Referring expression grounding data:
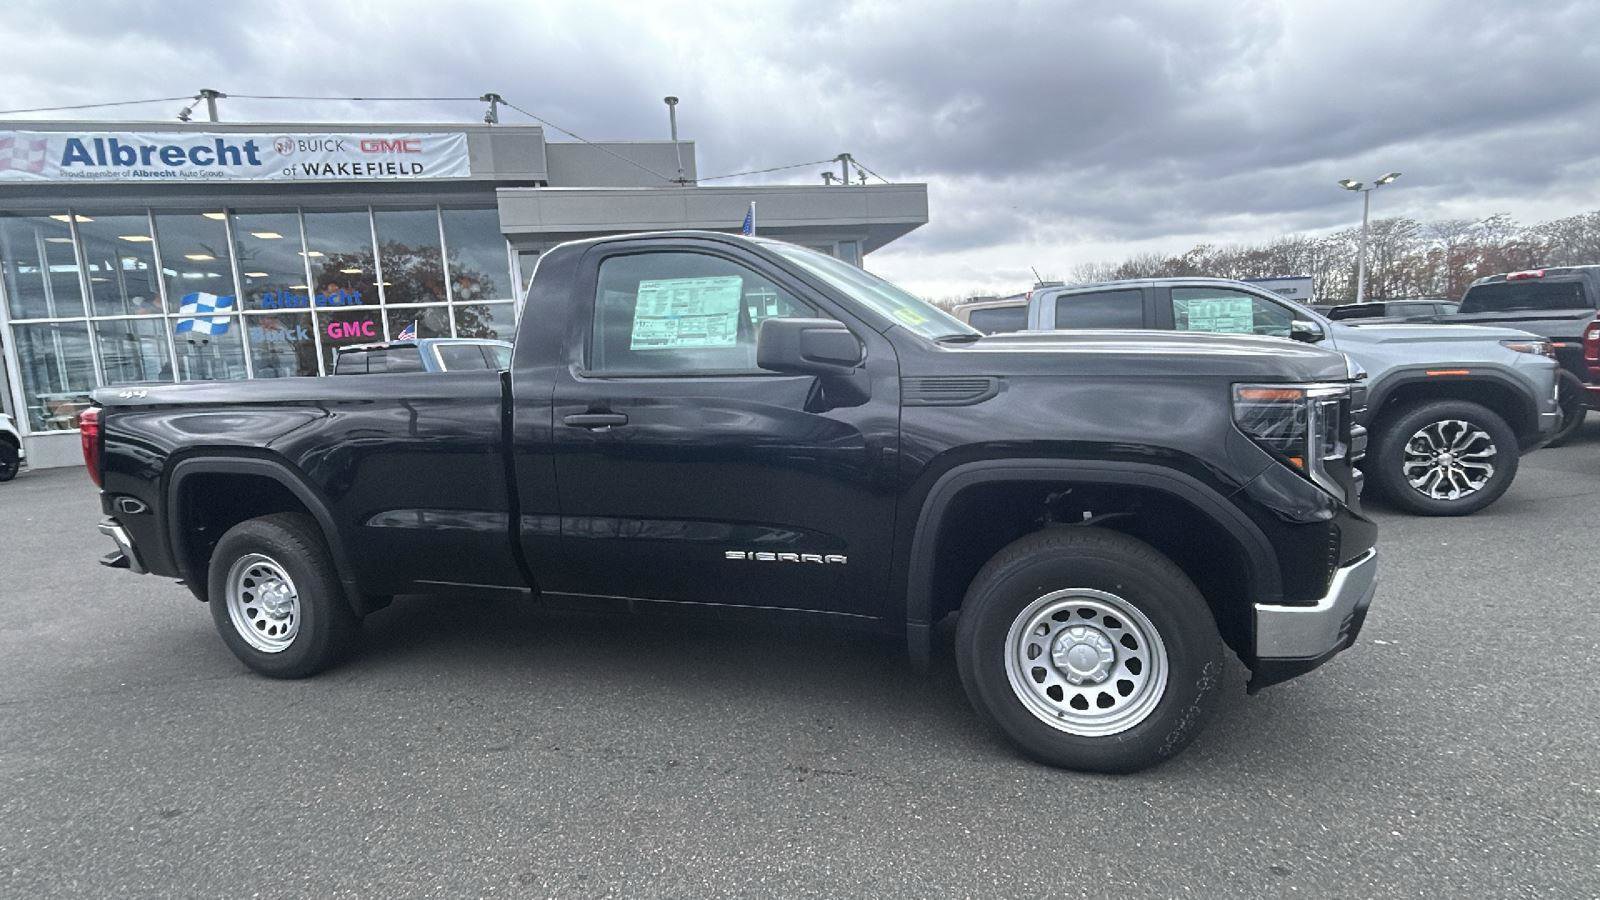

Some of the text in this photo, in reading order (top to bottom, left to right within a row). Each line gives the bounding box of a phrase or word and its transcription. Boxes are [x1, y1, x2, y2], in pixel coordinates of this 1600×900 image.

[61, 138, 262, 166] Albrecht
[299, 139, 422, 153] BUICK GMC
[59, 169, 224, 178] Proud member of Albrecht Auto Group
[283, 162, 424, 176] of WAKEFIELD
[261, 289, 363, 308] Albrecht
[327, 320, 377, 339] GMC
[724, 550, 848, 564] SIERRA

WORK REQUEST: Quote the entries in full. Any image among them is to be omitted from the copy.

TASK SOLUTION:
Some of the text in this photo, in reading order (top to bottom, left to right within a row). Each line gives the bounding box of a phrase or word and its transcription. Boxes are [x1, y1, x2, y2], in pixel coordinates of this 1600×900 image.

[61, 138, 262, 166] Albrecht
[299, 139, 422, 153] BUICK GMC
[59, 169, 224, 178] Proud member of Albrecht Auto Group
[283, 162, 424, 176] of WAKEFIELD
[261, 289, 363, 308] Albrecht
[327, 320, 377, 339] GMC
[724, 550, 848, 564] SIERRA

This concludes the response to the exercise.